بسم الله الرحمن الرحيم
ULAMA SALAF, BENTENG KOKOH PENJAGA SUNNAH
Setiap orang yang beriman kepada Allah Subhanahu wa Ta’ala dan kebenaran Islam wajib meyakini bahwa Allah ‘Azza wa Jalla akan selalu menjaga kemurnian dan kebenaran agama Islam sampai hari kiamat. Penjagaan Allah ‘Azza wa Jalla terhadap kemurnian agama Islam ini adalah dengan menjaga sumber hukum syariat Islam, yaitu al-Qur’an dan sunnah hadits-hadits Rasulullah shallallahu ‘alaihi wa sallam. Sehingga tidak ada alasan apapun bagi semua manusia, sejak diutusnya Rasulullah shallallahu ‘alaihi wa sallam sampai di akhir jaman, untuk berpaling dari terangnya kebenaran Islam, ketika Allah Ta’ala meminta pertanggungjawaban mereka pada hari kiamat. Allah ‘Azza wa Jalla berfirman:
{رُسُلا مُبَشِّرِينَ وَمُنْذِرِينَ لِئَلا يَكُونَ لِلنَّاسِ عَلَى اللَّهِ حُجَّةٌ بَعْدَ الرُّسُلِ وَكَانَ اللَّهُ عَزِيزًا حَكِيمًا}
“(Mereka Kami utus) selaku rasul-rasul pembawa berita gembira dan pemberi peringatan agar supaya tidak ada alasan bagi manusia membantah Allah sesudah diutusnya rasul-rasul itu. Dan adalah Allah Maha Perkasa lagi Maha Bijaksana” (QS an-Nisaa’ :165).
Penjagaan terhadap kemurnian agama Islam ini Allah Subhanahu wa Ta’ala tegaskan dalam firman-Nya:
{إِنَّا نَحْنُ نزلْنَا الذِّكْرَ وَإِنَّا لَهُ لَحَافِظُونَ}
“Sesungguhnya Kami-lah yang menurunkan adz-Dzikr (al-Qur’an), dan sesungguhnya Kami benar-benar akan menjaganya” (QS al-Hijr: 9).
Penjagaan terhadap al-Qur’an dalam ayat ini mencakup penjagaan terhadap hadits-hadits Rasulullah shallallahu ‘alaihi wa sallam, karena Allah Subhanahu wa Ta’ala menjaga kemurnian al-Qur’an pada lafazh (teks) dan kandungan maknanya[1], sedangkan kandungan makna al-Qur’an yang benar dijelaskan dalam hadits-hadits yang shahih dari Rasulullah shallallahu ‘alaihi wa sallam, sebagaimana firman Allah Ta’ala:
{وَأَنزلْنَا إِلَيْكَ الذِّكْرَ لِتُبَيِّنَ لِلنَّاسِ مَا نزلَ إِلَيْهِمْ وَلَعَلَّهُمْ يَتَفَكَّرُونَ}
“Dan Kami turunkan kepadamu al-Qur’an, agar kamu menjelaskan kepada umat manusia (kandungan makna al-Qur’an) yang telah diturunkan kepada mereka, supaya mereka memikirkan” (QS an-Nahl: 44).
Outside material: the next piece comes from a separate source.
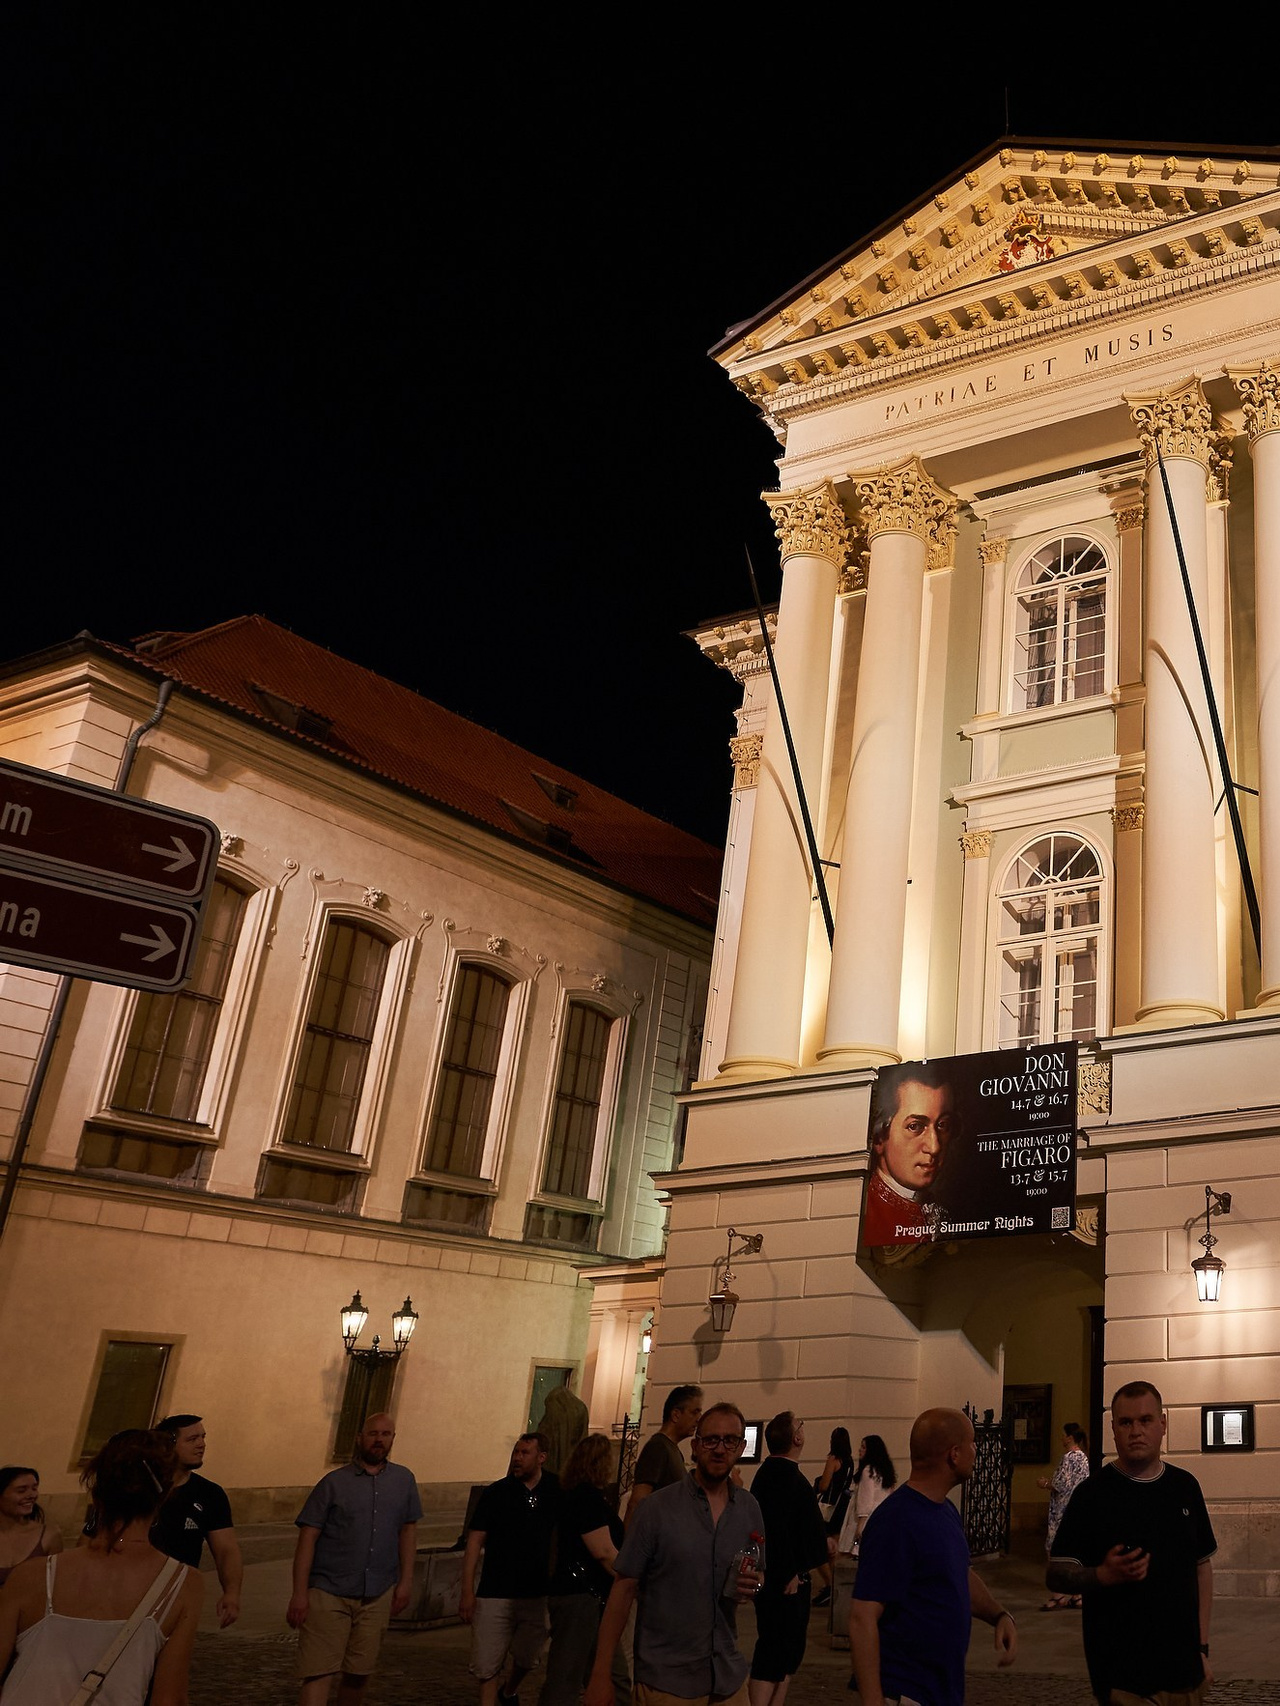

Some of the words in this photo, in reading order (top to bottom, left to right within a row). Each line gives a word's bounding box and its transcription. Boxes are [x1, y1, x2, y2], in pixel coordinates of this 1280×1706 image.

Imam Ahmad bin Hambal berkata: “Sunnah (hadits-hadits Rasulullah shallallahu ‘alaihi wa sallam) adalah penjabar dan penjelas makna al-Qur’an”[2].
Imam Muhammad bin Ibrahim al-Wazir, ketika menjelaskan makna ayat di atas, beliau berkata: “Firman Allah ini mengandung konsekwensi bahwa syariat (yang dibawa oleh) Rasulullah shallallahu ‘alaihi wa sallam akan selalu terjaga dan sunnah (hadits-hadits) beliau shallallahu ‘alaihi wa sallam akan senantiasa terpelihara”[3].
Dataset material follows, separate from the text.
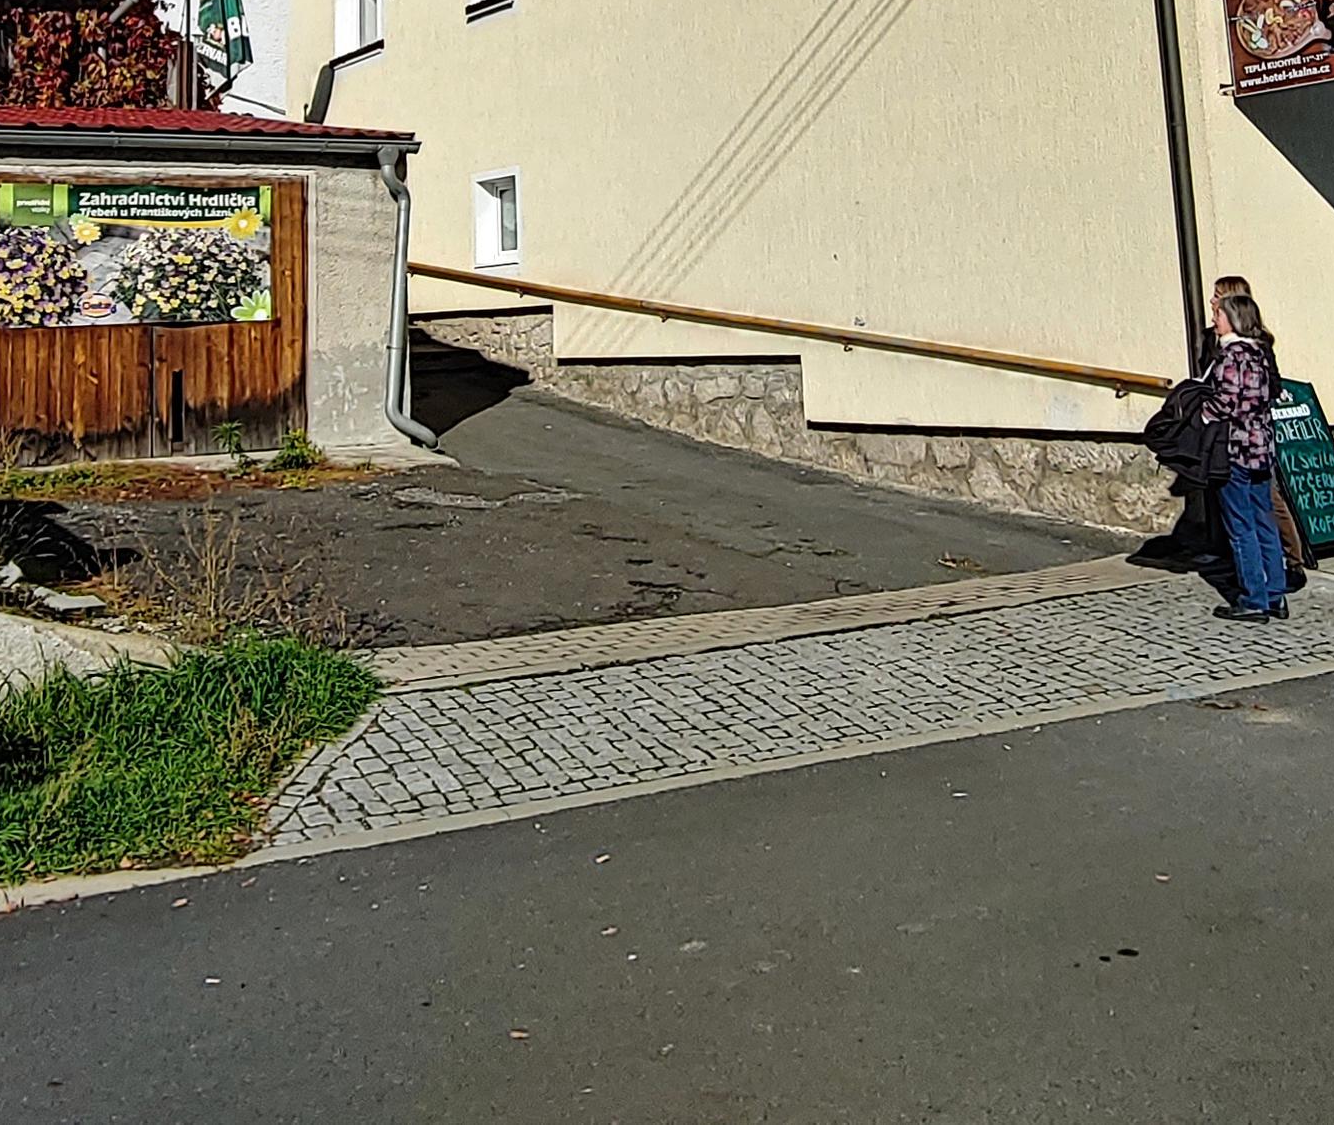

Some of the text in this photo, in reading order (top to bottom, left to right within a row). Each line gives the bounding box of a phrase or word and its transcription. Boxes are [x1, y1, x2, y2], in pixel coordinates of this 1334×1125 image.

[1239, 64, 1331, 89] www.hotel-skalna.cz
[78, 191, 256, 208] Zahradnictví Hrdlička
[120, 209, 128, 217] u
[1270, 403, 1311, 421] BERNARD
Oleh karena itu, beberapa ulama ahli tahqiq (yang terkenal dengan ketelitian dalam berpendapat) bahwa makna adz-Dzikr dalam ayat di atas bukan hanya al-Qur’an saja, tapi juga mencakup hadits-hadits Rasulullah shallallahu ‘alaihi wa sallam, karena keduanya adalah adz-Dzikr (peringatan) yang diturunkan Allah Ta’ala kepada manusia[4].
Imam Abu Muhammad ‘Ali bin Hazm berkata: “…Maka benarlah bahwa semua hadits Rasulullah shallallahu ‘alaihi wa sallam tentang agama adalah wahyu dari Allah ‘Azza wa Jalla, tidak ada keraguan dalam masalah ini. Dan tidak ada perbedaan pendapat di antara para ahli bahasa (Arab) dan ahli syariat Islam (ulama) bahwa semua wahyu yang diturunkan dari sisi Allah Subhanahu wa Ta’ala adalah adz-Dzikr (peringatan) yang diturunkan (oleh Allah). Maka wahyu seluruhnya terjaga (kemurniannya) secara pasti dengan penjagaan Allah Subhanahu wa Ta’ala, dan semua hal yang dijamin penjagaannya oleh Allah ditanggung tidak akan hilang (rusak) sedikitpun dan tidak akan berubah selamanya dengan perubahan yang tidak dijelaskan kebatilan (kesalahannya)…Maka mestilah agama yang dibawa oleh Rasulullah shallallahu ‘alaihi wa sallam (akan senantiasa) terjaga (kemurniannya) dengan penjagaan langsung dari Allah Subhanahu wa Ta’ala…”[5].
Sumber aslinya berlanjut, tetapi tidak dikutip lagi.